From the first line to the last, write out the records exactly, leaving out images.

#### WORKING DATA

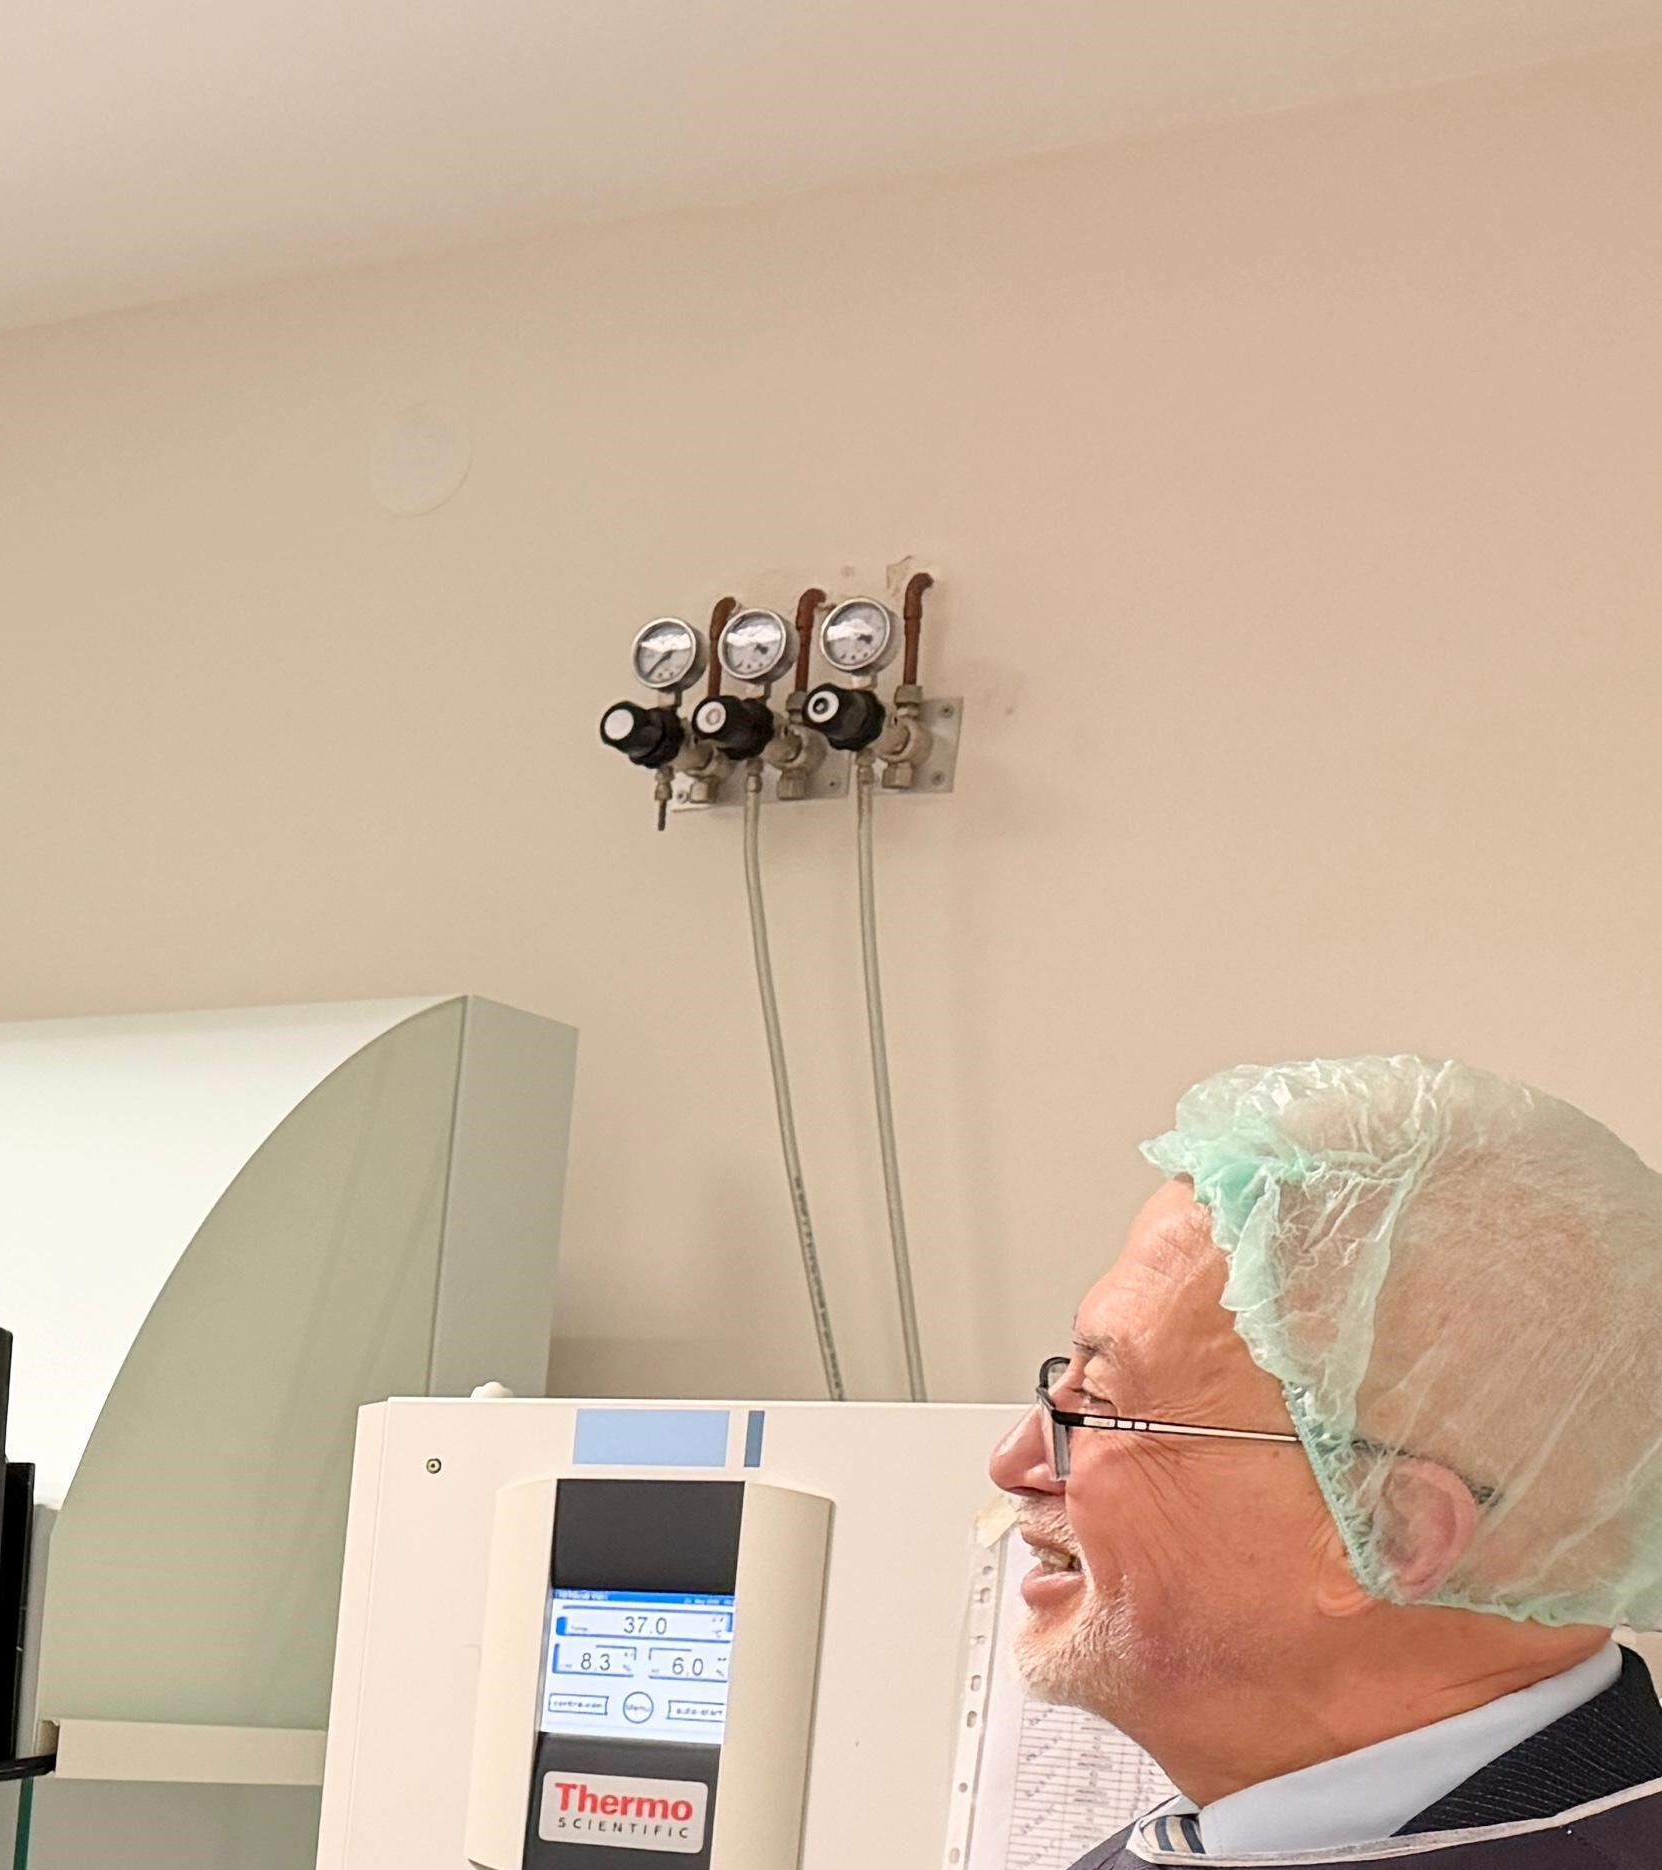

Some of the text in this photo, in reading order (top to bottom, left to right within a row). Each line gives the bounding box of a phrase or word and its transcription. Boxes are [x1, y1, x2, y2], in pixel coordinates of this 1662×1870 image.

[623, 1616, 668, 1635] 37.0
[580, 1652, 611, 1671] 8.3
[672, 1657, 704, 1676] 6.0
[554, 1782, 693, 1821] Thermo
[558, 1817, 689, 1838] SCIENTIFIC

########

_ANSWER TO THIS PROBLEM_
Some of the text in this photo, in reading order (top to bottom, left to right within a row). Each line gives the bounding box of a phrase or word and its transcription. Boxes are [x1, y1, x2, y2], in pixel coordinates of this 1662×1870 image.

[623, 1616, 668, 1635] 37.0
[580, 1652, 611, 1671] 8.3
[672, 1657, 704, 1676] 6.0
[554, 1782, 693, 1821] Thermo
[558, 1817, 689, 1838] SCIENTIFIC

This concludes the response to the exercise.